## Task objective:
Repeat each record below exactly, omitting whatever pictures appear in it.

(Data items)
__________

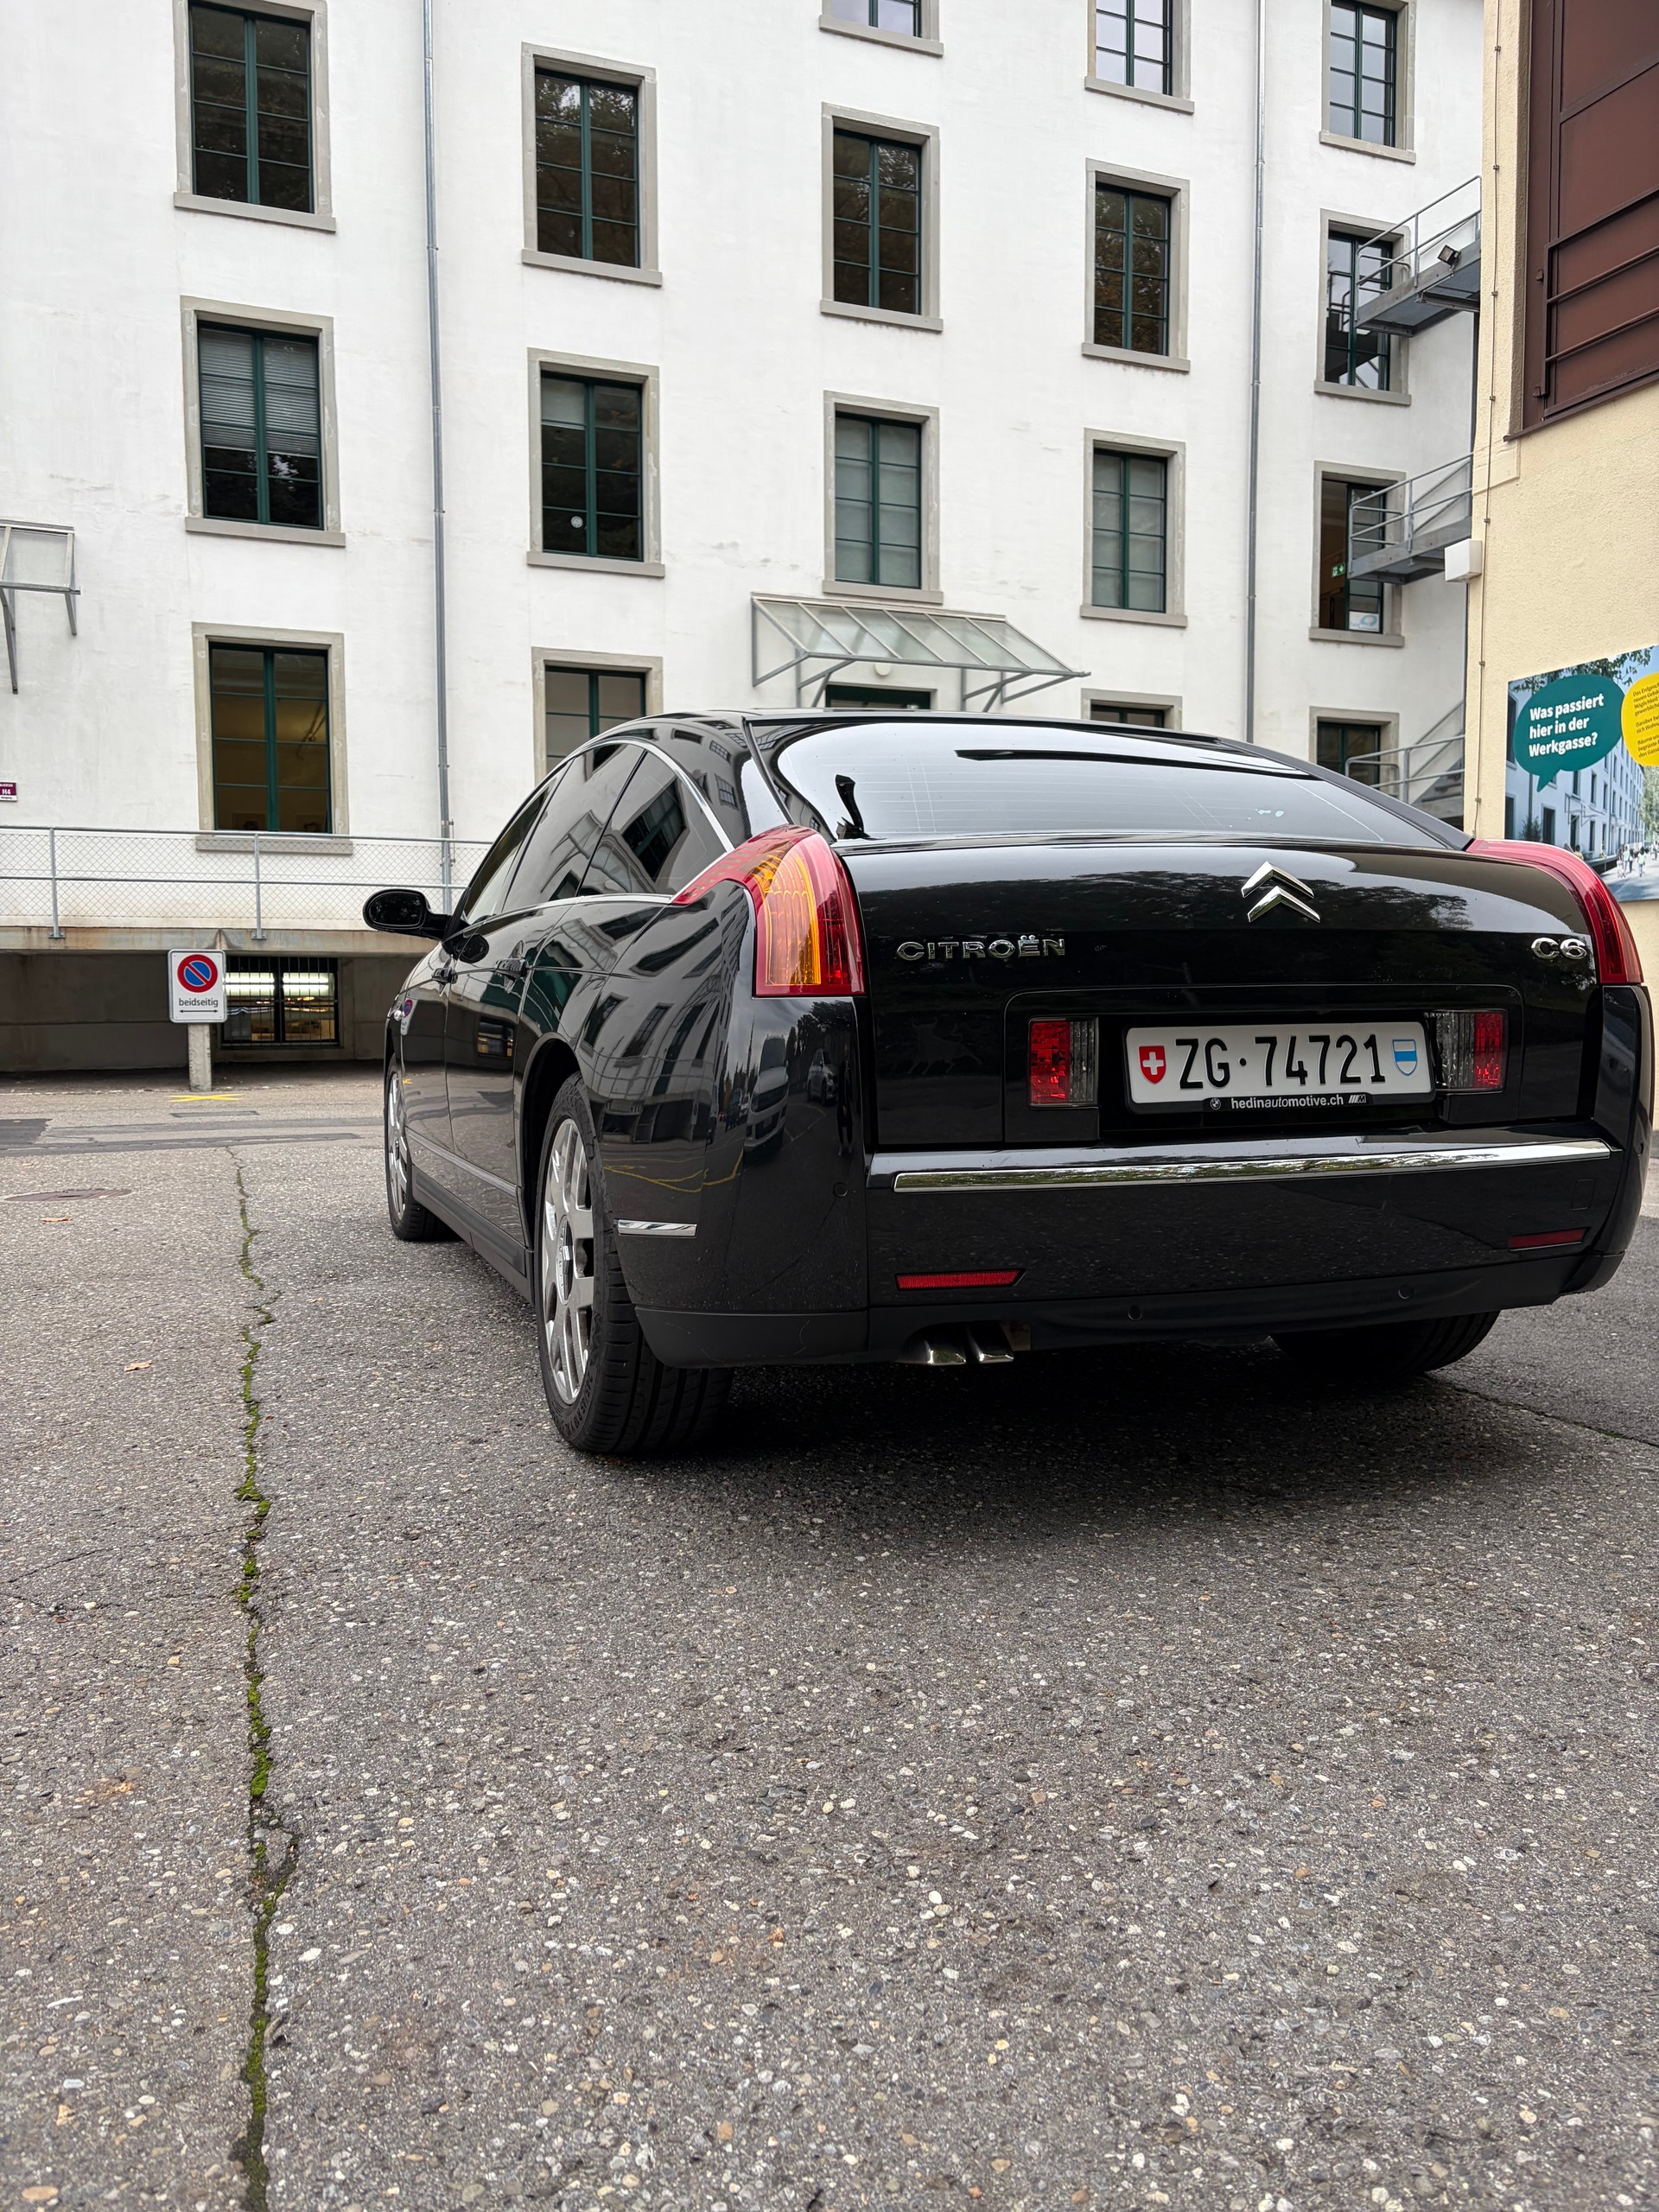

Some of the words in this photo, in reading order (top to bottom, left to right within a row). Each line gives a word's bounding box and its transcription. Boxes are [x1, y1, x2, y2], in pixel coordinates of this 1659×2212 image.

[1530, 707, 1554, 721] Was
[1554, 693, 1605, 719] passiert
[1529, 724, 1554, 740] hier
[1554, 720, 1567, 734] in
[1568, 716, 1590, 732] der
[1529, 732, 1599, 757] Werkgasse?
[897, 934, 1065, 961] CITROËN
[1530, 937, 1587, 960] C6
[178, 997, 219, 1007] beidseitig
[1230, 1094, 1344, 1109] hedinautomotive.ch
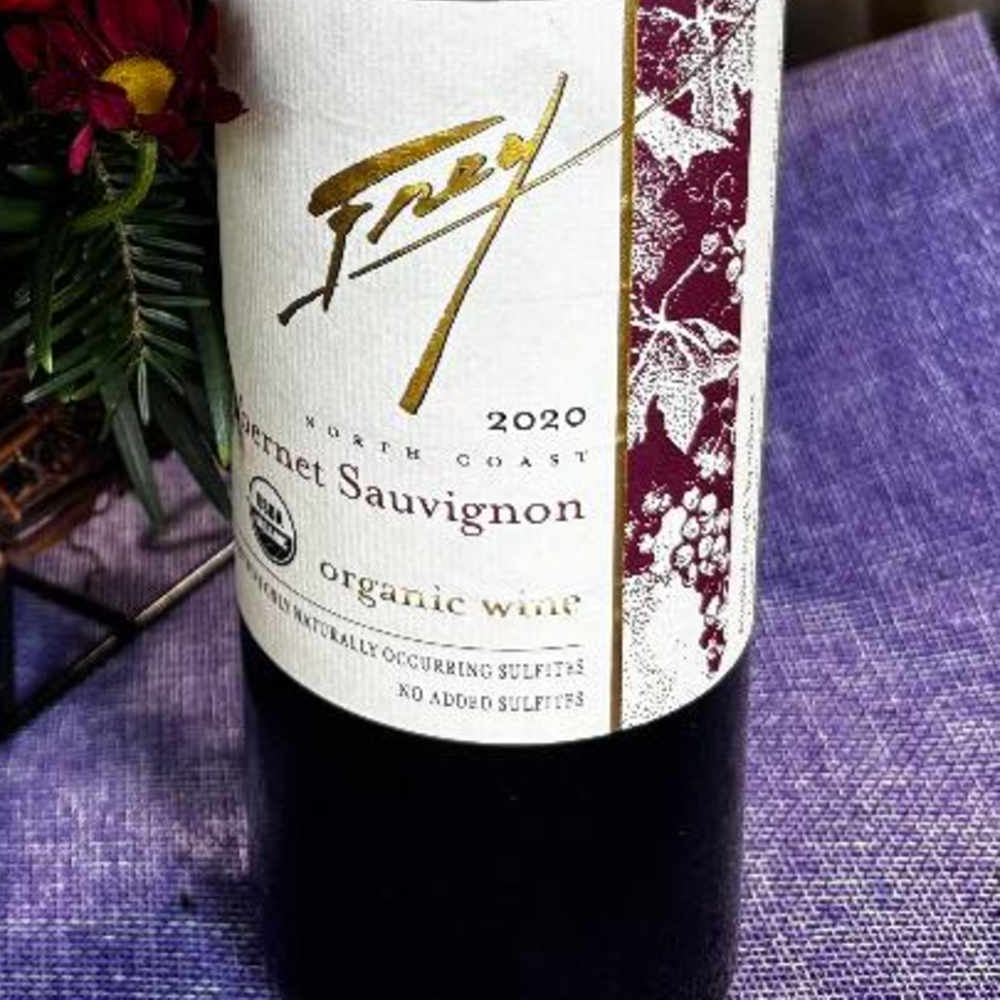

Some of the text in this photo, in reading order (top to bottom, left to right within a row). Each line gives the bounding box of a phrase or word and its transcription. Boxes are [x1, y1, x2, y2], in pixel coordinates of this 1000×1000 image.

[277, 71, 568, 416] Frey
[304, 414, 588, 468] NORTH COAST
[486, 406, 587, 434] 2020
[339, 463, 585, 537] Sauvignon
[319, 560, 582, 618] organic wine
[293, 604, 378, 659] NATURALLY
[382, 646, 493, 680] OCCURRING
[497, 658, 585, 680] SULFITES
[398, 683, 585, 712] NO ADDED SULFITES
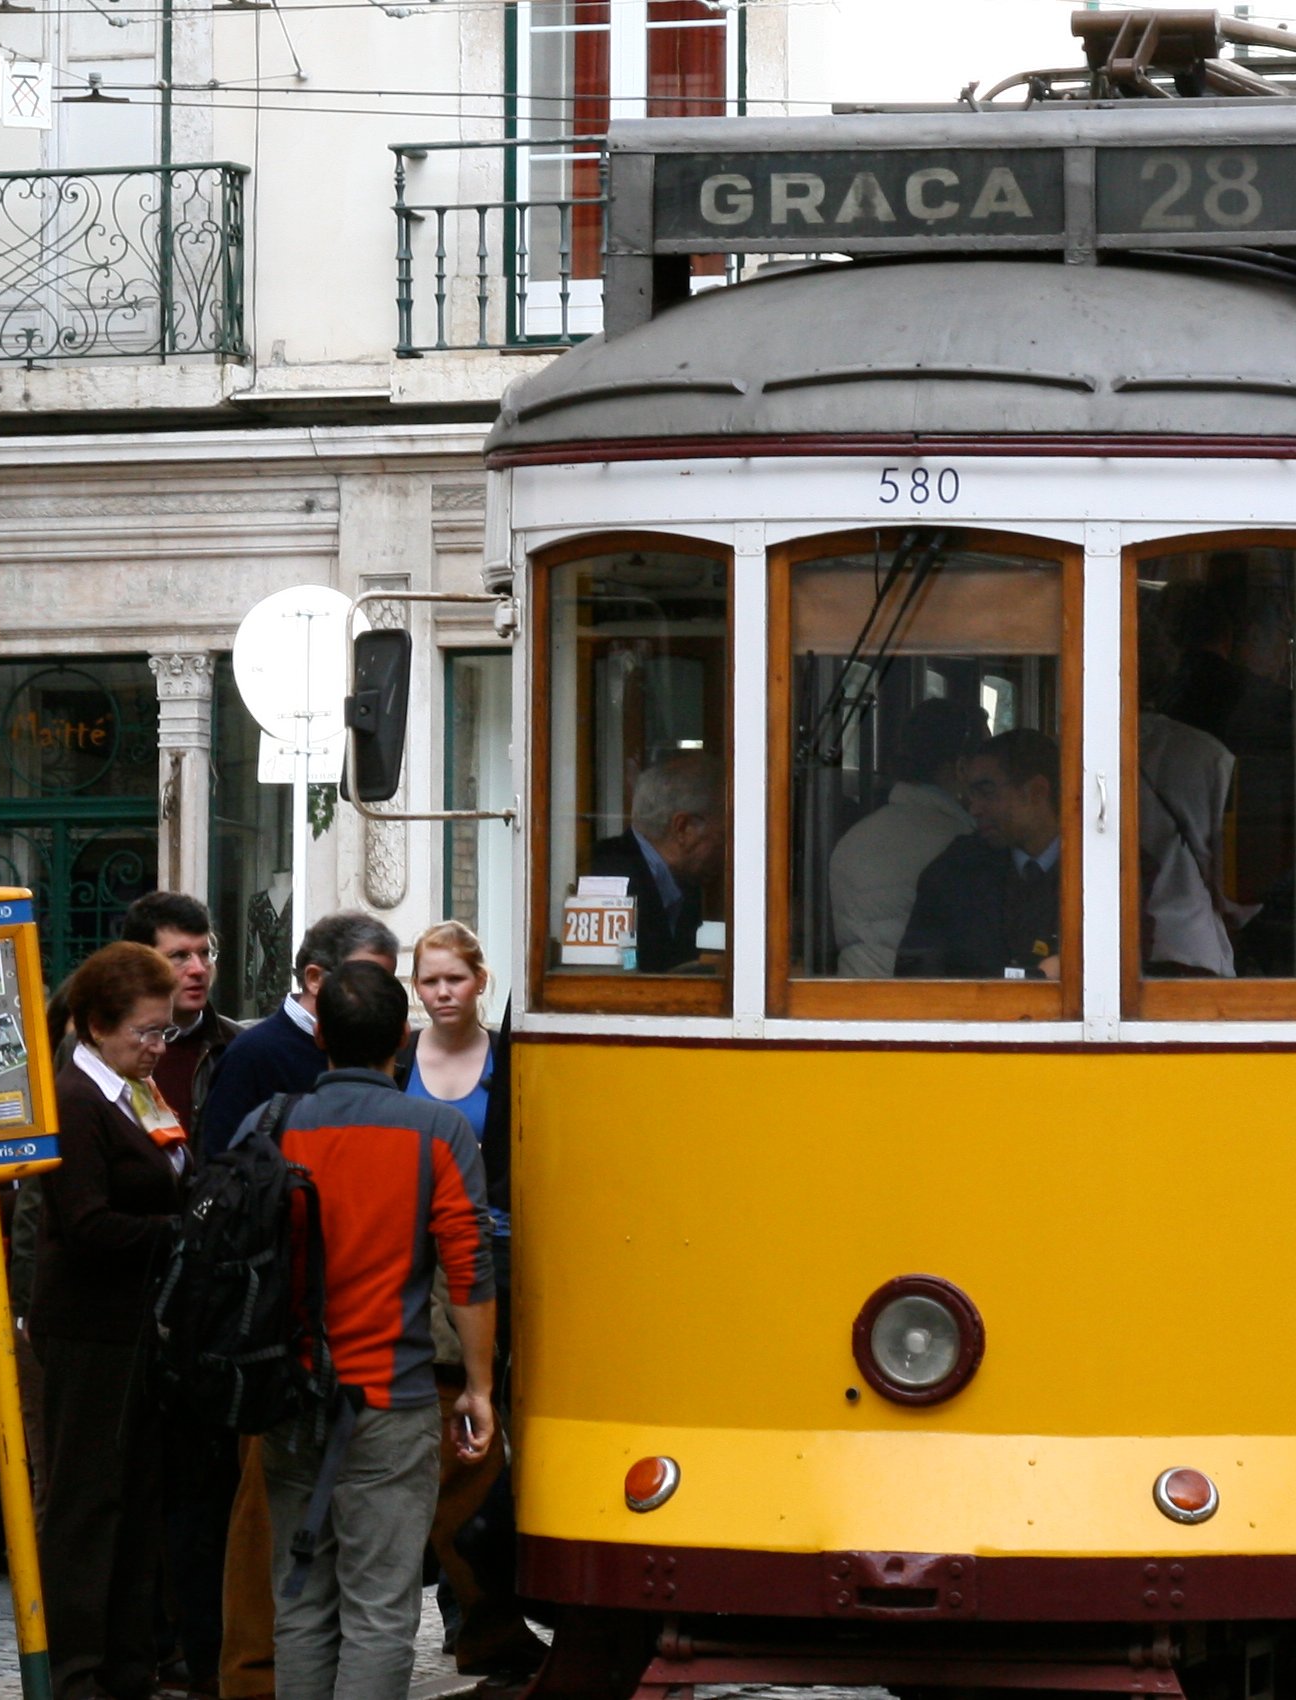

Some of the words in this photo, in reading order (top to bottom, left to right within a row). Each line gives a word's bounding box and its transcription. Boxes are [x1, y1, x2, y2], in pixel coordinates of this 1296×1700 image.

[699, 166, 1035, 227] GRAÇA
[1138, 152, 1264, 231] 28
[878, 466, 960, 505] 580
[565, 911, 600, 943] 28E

__________

## Output for this exercise:
Some of the words in this photo, in reading order (top to bottom, left to right within a row). Each line gives a word's bounding box and its transcription. Boxes are [x1, y1, x2, y2], in pixel coordinates of this 1659×2212 image.

[1530, 707, 1554, 721] Was
[1554, 693, 1605, 719] passiert
[1529, 724, 1554, 740] hier
[1554, 720, 1567, 734] in
[1568, 716, 1590, 732] der
[1529, 732, 1599, 757] Werkgasse?
[897, 934, 1065, 961] CITROËN
[1530, 937, 1587, 960] C6
[178, 997, 219, 1007] beidseitig
[1230, 1094, 1344, 1109] hedinautomotive.ch

Some of the text in this photo, in reading order (top to bottom, left to right within a row). Each line gives the bounding box of a phrase or word and its transcription. Boxes are [x1, y1, x2, y2], in pixel coordinates of this 1000×1000 image.

[277, 71, 568, 416] Frey
[304, 414, 588, 468] NORTH COAST
[486, 406, 587, 434] 2020
[339, 463, 585, 537] Sauvignon
[319, 560, 582, 618] organic wine
[293, 604, 378, 659] NATURALLY
[382, 646, 493, 680] OCCURRING
[497, 658, 585, 680] SULFITES
[398, 683, 585, 712] NO ADDED SULFITES

Some of the words in this photo, in reading order (top to bottom, left to right within a row). Each line gives a word's bounding box and its transcription. Boxes are [x1, y1, x2, y2], in pixel coordinates of this 1296×1700 image.

[699, 166, 1035, 227] GRAÇA
[1138, 152, 1264, 231] 28
[878, 466, 960, 505] 580
[565, 911, 600, 943] 28E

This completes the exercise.